EDHEC Business School Launches MSc In Climate Change & Sustainable Finance
You can now study a Master’s in Climate Change & Sustainable Finance at EDHEC Business School. We look at what makes the course unique, who it is for, and how to apply
Climate change—and its impact on business, finance, and investment—is an increasingly popular topic on business master’s programs. Now you can study a whole master’s dedicated to it.
EDHEC Business School’s Master of Science (MSc) in Climate Change & Sustainable Finance is set to launch in September 2021, a joint venture with engineering school Mines ParisTech.
We break down everything you need to about EDHEC’s new MSc, including what you can expect from the course content, who the master’s is designed for, and how to apply.
What can you expect from the MSc in Climate Change & Sustainable Finance?
The new EDHEC MSc looks to combine essential knowledge around finance and investment, with a strong understanding of the scientific implications of climate change and the engineering solutions to combat it.
This responded to growing demand from students. “Over time, we gradually increased the proportion of courses related to sustainable finance. Ultimately, we came to the decision that the best route would be to open a diploma partnered with the engineering school,” explains Laurent Deville, professor of finance and director of the financial economics track at EDHEC Business School.

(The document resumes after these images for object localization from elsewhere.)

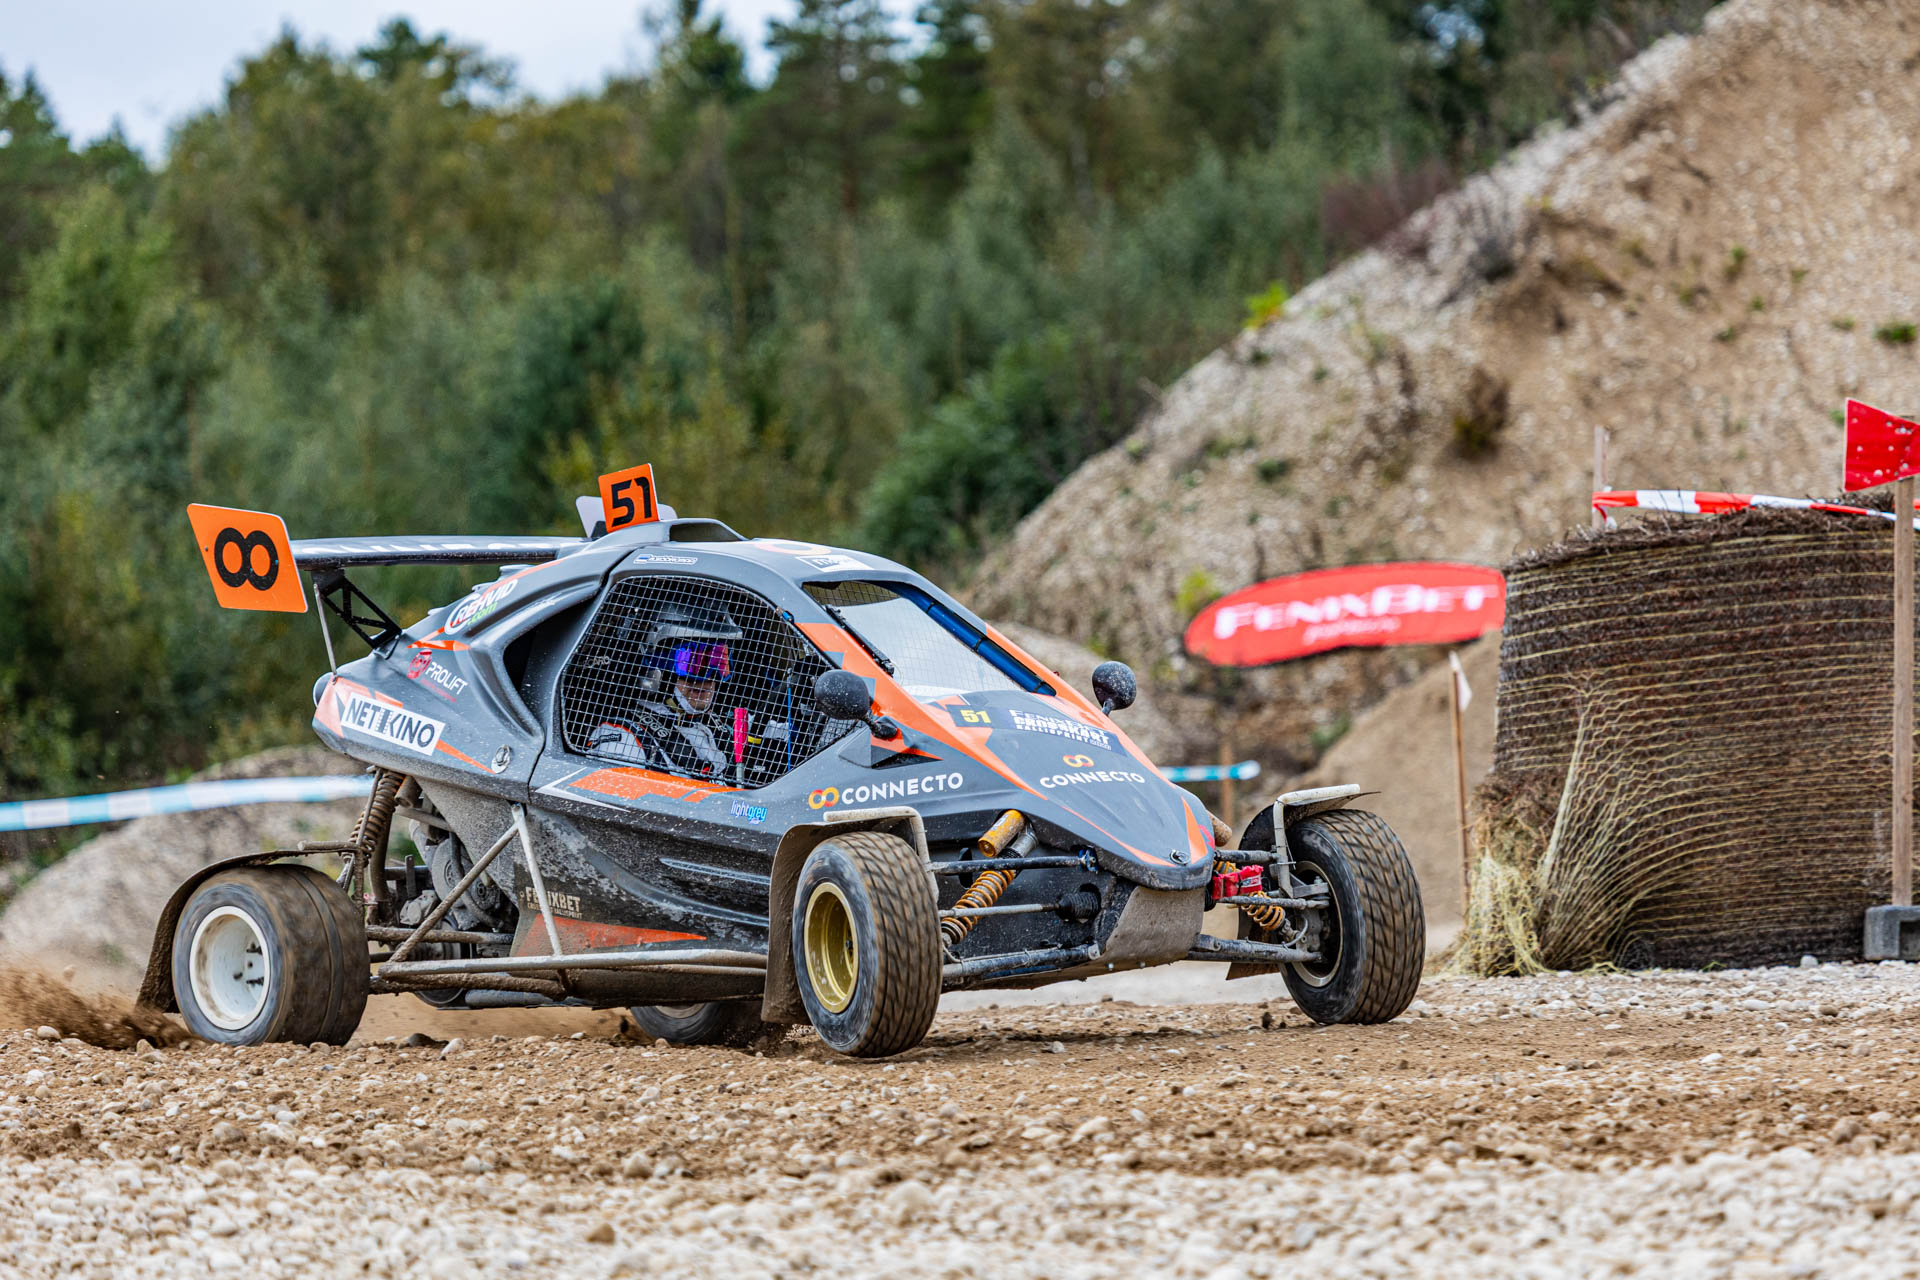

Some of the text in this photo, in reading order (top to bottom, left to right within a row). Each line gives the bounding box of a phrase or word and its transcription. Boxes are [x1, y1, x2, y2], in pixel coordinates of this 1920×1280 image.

[611, 476, 652, 527] 51
[425, 661, 468, 695] PROLIFT
[960, 709, 992, 724] 51
[841, 772, 964, 805] CONNECTO
[1039, 770, 1145, 789] CONNECTO
[730, 799, 768, 823] lightgrey
[525, 886, 581, 912] FEIXBET
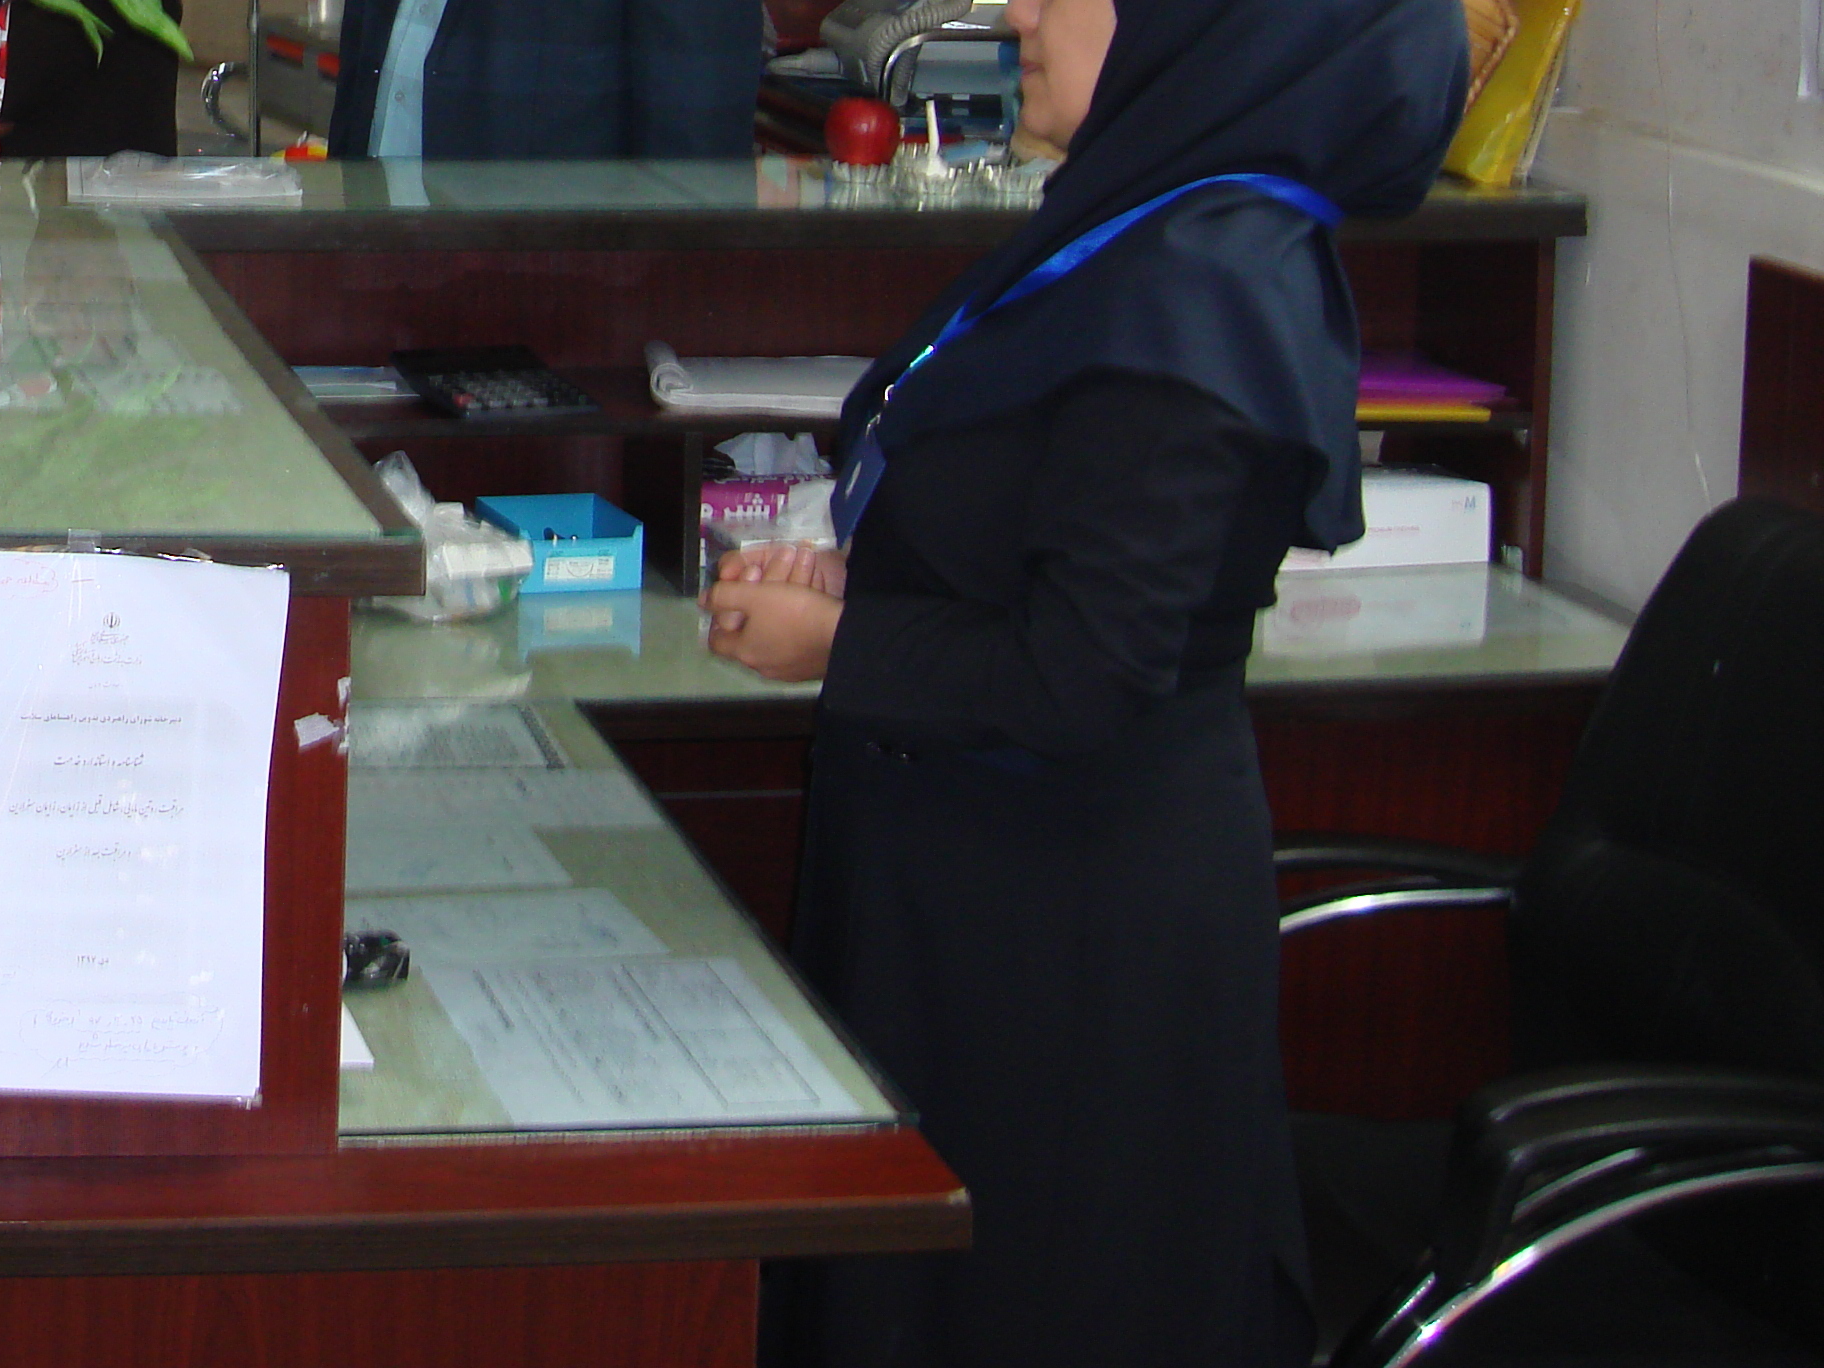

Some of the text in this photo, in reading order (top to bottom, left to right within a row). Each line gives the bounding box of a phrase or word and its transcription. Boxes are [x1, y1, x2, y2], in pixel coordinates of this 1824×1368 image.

[87, 793, 102, 815] قبل
[102, 799, 119, 815] شامل
[157, 798, 185, 819] مراقبت
[101, 841, 126, 862] مراقبت

The collaboration with Mines ParisTech is what makes the program so unique. The emphasis is on ensuring students get a strong scientific and engineering foundation to their studies.
“There are lots of opinions on climate change, but it's extremely useful that we look at hard facts and scientific evidence to come up with informed decisions,” explains Lionel Martellini, professor of finance and director of EDHEC’s Risk Institute.
There are two central questions at the heart of the program: first, understanding the impact of investment decisions on climate change; secondly, understanding the impact of climate change on investment decisions.
Core modules on the finance side include environmental and energy economics, corporate social responsibility and sustainable accounting, and risk measurement and management for sustainable investing strategies.
On the engineering side, students will learn about the physical aspects of climate change, and the life cycle of energy systems.
Who is the MSc for?
Lionel believes that the new EDHEC MSc is ideal for anyone looking to get into the investment industry, not just those interested in sustainability.
Formerly, investment funds would have financial analysts sitting alongside environmental, social, and governance (ESG) analysts, in “hybrid teams”, Lionel describes. “Going forward, it's become a clear belief that we won't see those two people sitting together, we’ll see those two skill sets within the same person.”
This is primarily on account of the far-reaching impact that climate change will have on business, not just those directly related to climate solutions.
“In a few years, no investment professional will be able to claim that they are making informed investment decisions without this awareness of climate change impact,” Lionel explains. “Even those portfolios that aren't angled towards clean energy transition will be impacted by climate change.”
He also stresses that investment will begin to reflect a leaning towards responsible management and leadership. “I don't think it will be possible to be a meaningful financial professional in a few years time if you don't understand how non-financial indicators impact the financial performance of the firm.”
Cost & admissions requirements
Tuition fees for the one-year master’s program are €27,000 ($32,854), plus a €100 ($121) application fee.
To apply, candidates must have a three-year bachelor’s degree in a finance related field, or an engineering background. Candidates should also apply with a strong score (or GRE equivalent), as well as a resume, academic transcripts, and two letters of recommendation.
While advanced quantitative skills aren’t necessary, candidates with no quantitative background might struggle. The program includes foundational courses for those with certain gaps in their knowledge, but Laurent stresses that students can’t start from scratch in this respect.
In applications, Laurent says they are always on the lookout for passion and personal interest in the topics of climate finance and sustainability. They also look for a difference in perspective. “In your application, be specific about what you do, and your motivation,” Laurent says.
For students interested in pursuing a career in investment and finance, there are obvious benefits of the EDHEC MSc. Financial analysts can no longer ignore the impacts of climate change on business, and developing a sophisticated understanding of the science behind it is sure to give them a competitive advantage.
Moreover, since the program is a direct response to demand from employers, post-graduate career opportunities are in abundance. Investment managers, financial analysts, institutional investors (in pension funds or insurance companies), data analysts, and risk managers are all ideal professions for candidates with these skill sets and perspectives.
Laurent is confident that graduates will prove to be in high demand for top positions in the future. CEOs of investment banks, he explains, once came from the trading floor, then had an asset management background, and now, compliance expertise is key. “ I bet that these positions in the future will be held by people who have held a career in sustainable finance, possibly with a climate finance perspective.”
In this sense, it's clear that those selected for EDHEC and Mines ParisTech's new MSc can set their ambitions high.